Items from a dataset
○ ○ ○

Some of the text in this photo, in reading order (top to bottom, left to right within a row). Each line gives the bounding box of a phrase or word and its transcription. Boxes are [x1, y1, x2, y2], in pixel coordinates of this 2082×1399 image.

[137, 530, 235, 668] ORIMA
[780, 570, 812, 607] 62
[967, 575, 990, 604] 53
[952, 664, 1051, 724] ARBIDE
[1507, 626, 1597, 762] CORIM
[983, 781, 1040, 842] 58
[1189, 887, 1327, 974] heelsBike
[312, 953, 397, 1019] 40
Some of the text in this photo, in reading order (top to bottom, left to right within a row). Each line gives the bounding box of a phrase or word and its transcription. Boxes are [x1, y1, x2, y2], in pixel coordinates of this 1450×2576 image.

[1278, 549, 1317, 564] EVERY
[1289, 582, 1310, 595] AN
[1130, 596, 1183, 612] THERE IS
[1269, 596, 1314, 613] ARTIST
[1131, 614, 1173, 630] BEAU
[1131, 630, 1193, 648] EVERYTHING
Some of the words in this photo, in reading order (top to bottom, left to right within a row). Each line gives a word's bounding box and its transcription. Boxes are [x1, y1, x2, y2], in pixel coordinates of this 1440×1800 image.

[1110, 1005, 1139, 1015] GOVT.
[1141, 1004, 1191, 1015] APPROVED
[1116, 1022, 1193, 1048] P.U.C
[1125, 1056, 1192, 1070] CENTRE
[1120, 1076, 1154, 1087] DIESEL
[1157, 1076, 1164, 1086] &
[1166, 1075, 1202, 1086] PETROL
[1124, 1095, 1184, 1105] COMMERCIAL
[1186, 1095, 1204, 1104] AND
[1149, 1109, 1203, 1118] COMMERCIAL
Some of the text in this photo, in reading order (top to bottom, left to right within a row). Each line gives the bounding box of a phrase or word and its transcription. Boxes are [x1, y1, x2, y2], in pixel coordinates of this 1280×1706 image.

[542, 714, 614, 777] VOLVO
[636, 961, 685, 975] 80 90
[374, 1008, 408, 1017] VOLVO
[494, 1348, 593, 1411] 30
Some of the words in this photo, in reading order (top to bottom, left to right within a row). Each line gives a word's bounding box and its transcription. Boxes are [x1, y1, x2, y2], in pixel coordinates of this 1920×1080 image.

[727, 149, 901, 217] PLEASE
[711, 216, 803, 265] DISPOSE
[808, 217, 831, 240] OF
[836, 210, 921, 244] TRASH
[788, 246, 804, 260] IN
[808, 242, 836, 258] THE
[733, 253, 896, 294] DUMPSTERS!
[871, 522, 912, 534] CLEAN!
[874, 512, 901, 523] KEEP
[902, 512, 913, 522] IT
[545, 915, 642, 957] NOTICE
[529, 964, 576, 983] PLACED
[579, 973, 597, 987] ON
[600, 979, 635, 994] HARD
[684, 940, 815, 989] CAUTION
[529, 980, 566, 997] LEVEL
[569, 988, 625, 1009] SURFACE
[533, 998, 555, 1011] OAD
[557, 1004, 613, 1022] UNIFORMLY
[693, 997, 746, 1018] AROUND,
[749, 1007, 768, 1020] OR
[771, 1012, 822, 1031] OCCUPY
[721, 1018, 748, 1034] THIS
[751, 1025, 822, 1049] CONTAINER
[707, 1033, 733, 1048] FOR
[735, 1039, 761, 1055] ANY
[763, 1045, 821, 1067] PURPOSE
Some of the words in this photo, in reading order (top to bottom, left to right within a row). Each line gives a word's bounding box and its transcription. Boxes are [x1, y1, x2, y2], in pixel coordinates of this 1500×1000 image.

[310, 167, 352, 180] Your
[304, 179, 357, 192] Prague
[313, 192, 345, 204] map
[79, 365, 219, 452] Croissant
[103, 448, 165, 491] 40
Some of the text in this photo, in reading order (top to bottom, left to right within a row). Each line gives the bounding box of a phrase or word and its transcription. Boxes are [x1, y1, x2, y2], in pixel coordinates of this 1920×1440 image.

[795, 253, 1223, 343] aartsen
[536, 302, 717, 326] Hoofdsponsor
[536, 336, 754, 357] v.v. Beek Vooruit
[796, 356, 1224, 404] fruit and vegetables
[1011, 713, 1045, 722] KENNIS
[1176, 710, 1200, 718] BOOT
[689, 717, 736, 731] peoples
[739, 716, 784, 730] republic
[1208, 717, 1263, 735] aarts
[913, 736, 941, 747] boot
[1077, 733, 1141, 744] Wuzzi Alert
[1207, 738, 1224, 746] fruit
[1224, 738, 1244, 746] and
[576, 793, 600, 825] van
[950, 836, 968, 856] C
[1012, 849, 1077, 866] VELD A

○ ○ ○

### ASSIGNMENT:
From the first line down to the last, give the records again exactly.

### RESULT OF THE TASK:
Some of the text in this photo, in reading order (top to bottom, left to right within a row). Each line gives the bounding box of a phrase or word and its transcription. Boxes are [x1, y1, x2, y2], in pixel coordinates of this 2082×1399 image.

[137, 530, 235, 668] ORIMA
[780, 570, 812, 607] 62
[967, 575, 990, 604] 53
[952, 664, 1051, 724] ARBIDE
[1507, 626, 1597, 762] CORIM
[983, 781, 1040, 842] 58
[1189, 887, 1327, 974] heelsBike
[312, 953, 397, 1019] 40
Some of the text in this photo, in reading order (top to bottom, left to right within a row). Each line gives the bounding box of a phrase or word and its transcription. Boxes are [x1, y1, x2, y2], in pixel coordinates of this 1450×2576 image.

[1278, 549, 1317, 564] EVERY
[1289, 582, 1310, 595] AN
[1130, 596, 1183, 612] THERE IS
[1269, 596, 1314, 613] ARTIST
[1131, 614, 1173, 630] BEAU
[1131, 630, 1193, 648] EVERYTHING
Some of the words in this photo, in reading order (top to bottom, left to right within a row). Each line gives a word's bounding box and its transcription. Boxes are [x1, y1, x2, y2], in pixel coordinates of this 1440×1800 image.

[1110, 1005, 1139, 1015] GOVT.
[1141, 1004, 1191, 1015] APPROVED
[1116, 1022, 1193, 1048] P.U.C
[1125, 1056, 1192, 1070] CENTRE
[1120, 1076, 1154, 1087] DIESEL
[1157, 1076, 1164, 1086] &
[1166, 1075, 1202, 1086] PETROL
[1124, 1095, 1184, 1105] COMMERCIAL
[1186, 1095, 1204, 1104] AND
[1149, 1109, 1203, 1118] COMMERCIAL
Some of the text in this photo, in reading order (top to bottom, left to right within a row). Each line gives the bounding box of a phrase or word and its transcription. Boxes are [x1, y1, x2, y2], in pixel coordinates of this 1280×1706 image.

[542, 714, 614, 777] VOLVO
[636, 961, 685, 975] 80 90
[374, 1008, 408, 1017] VOLVO
[494, 1348, 593, 1411] 30
Some of the words in this photo, in reading order (top to bottom, left to right within a row). Each line gives a word's bounding box and its transcription. Boxes are [x1, y1, x2, y2], in pixel coordinates of this 1920×1080 image.

[727, 149, 901, 217] PLEASE
[711, 216, 803, 265] DISPOSE
[808, 217, 831, 240] OF
[836, 210, 921, 244] TRASH
[788, 246, 804, 260] IN
[808, 242, 836, 258] THE
[733, 253, 896, 294] DUMPSTERS!
[871, 522, 912, 534] CLEAN!
[874, 512, 901, 523] KEEP
[902, 512, 913, 522] IT
[545, 915, 642, 957] NOTICE
[529, 964, 576, 983] PLACED
[579, 973, 597, 987] ON
[600, 979, 635, 994] HARD
[684, 940, 815, 989] CAUTION
[529, 980, 566, 997] LEVEL
[569, 988, 625, 1009] SURFACE
[533, 998, 555, 1011] OAD
[557, 1004, 613, 1022] UNIFORMLY
[693, 997, 746, 1018] AROUND,
[749, 1007, 768, 1020] OR
[771, 1012, 822, 1031] OCCUPY
[721, 1018, 748, 1034] THIS
[751, 1025, 822, 1049] CONTAINER
[707, 1033, 733, 1048] FOR
[735, 1039, 761, 1055] ANY
[763, 1045, 821, 1067] PURPOSE
Some of the words in this photo, in reading order (top to bottom, left to right within a row). Each line gives a word's bounding box and its transcription. Boxes are [x1, y1, x2, y2], in pixel coordinates of this 1500×1000 image.

[310, 167, 352, 180] Your
[304, 179, 357, 192] Prague
[313, 192, 345, 204] map
[79, 365, 219, 452] Croissant
[103, 448, 165, 491] 40
Some of the text in this photo, in reading order (top to bottom, left to right within a row). Each line gives the bounding box of a phrase or word and its transcription. Boxes are [x1, y1, x2, y2], in pixel coordinates of this 1920×1440 image.

[795, 253, 1223, 343] aartsen
[536, 302, 717, 326] Hoofdsponsor
[536, 336, 754, 357] v.v. Beek Vooruit
[796, 356, 1224, 404] fruit and vegetables
[1011, 713, 1045, 722] KENNIS
[1176, 710, 1200, 718] BOOT
[689, 717, 736, 731] peoples
[739, 716, 784, 730] republic
[1208, 717, 1263, 735] aarts
[913, 736, 941, 747] boot
[1077, 733, 1141, 744] Wuzzi Alert
[1207, 738, 1224, 746] fruit
[1224, 738, 1244, 746] and
[576, 793, 600, 825] van
[950, 836, 968, 856] C
[1012, 849, 1077, 866] VELD A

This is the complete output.